- AIM OF THE EXERCISE -
Leave out the pictures and retype everything else in the records below exactly.

^^^^^^^^^^^^^^^^

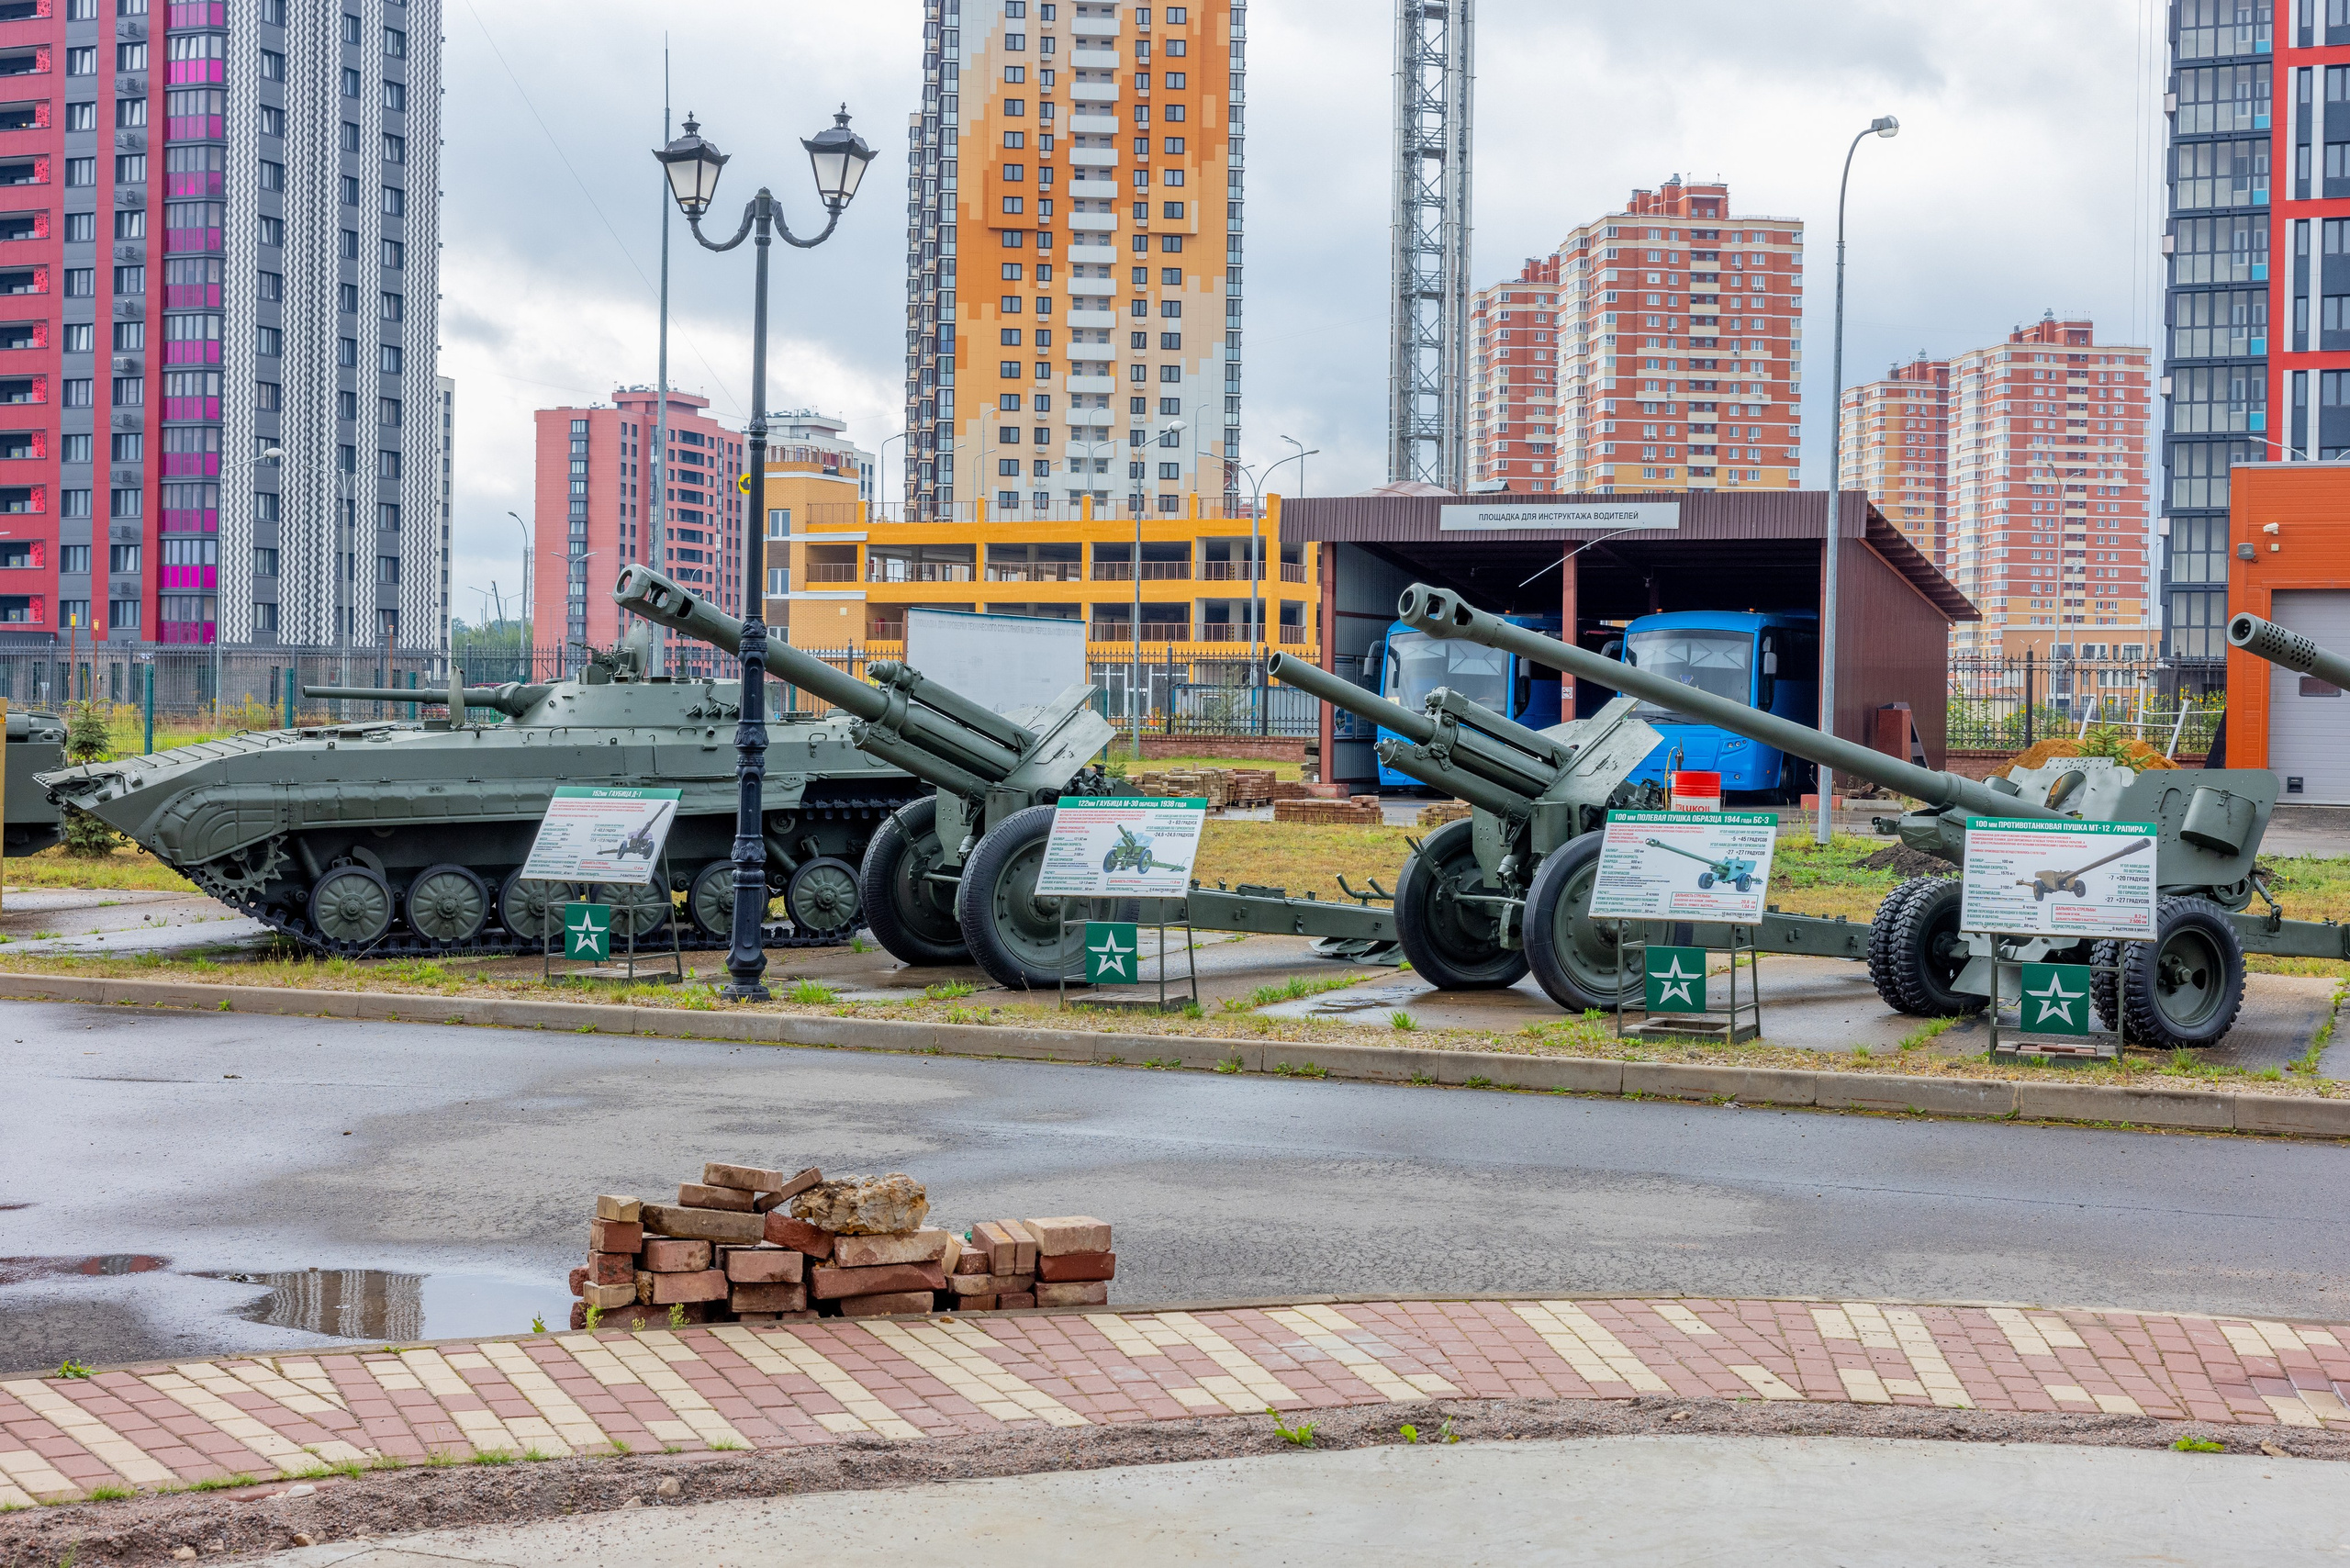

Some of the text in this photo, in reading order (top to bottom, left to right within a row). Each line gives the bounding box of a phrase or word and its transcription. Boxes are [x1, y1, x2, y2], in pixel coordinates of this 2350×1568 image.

[1479, 513, 1520, 521] ПЛОЩАДКА
[1521, 513, 1537, 521] ДЛЯ
[1594, 511, 1639, 521] ВОДИТЕЛЕЙ
[968, 622, 997, 632] ТЕХНИЧЕСКОГО
[998, 624, 1020, 633] СОСТОЯНИЯ
[1692, 815, 1722, 823] ОБРАЗЦА
[1998, 822, 2062, 830] ПРОТИВОТАНКОВАЯ

^^^^^^^^^^^^^^^^

- TASK SOLUTION -
Some of the text in this photo, in reading order (top to bottom, left to right within a row). Each line gives the bounding box of a phrase or word and its transcription. Boxes are [x1, y1, x2, y2], in pixel coordinates of this 2350×1568 image.

[1479, 513, 1520, 521] ПЛОЩАДКА
[1521, 513, 1537, 521] ДЛЯ
[1594, 511, 1639, 521] ВОДИТЕЛЕЙ
[968, 622, 997, 632] ТЕХНИЧЕСКОГО
[998, 624, 1020, 633] СОСТОЯНИЯ
[1692, 815, 1722, 823] ОБРАЗЦА
[1998, 822, 2062, 830] ПРОТИВОТАНКОВАЯ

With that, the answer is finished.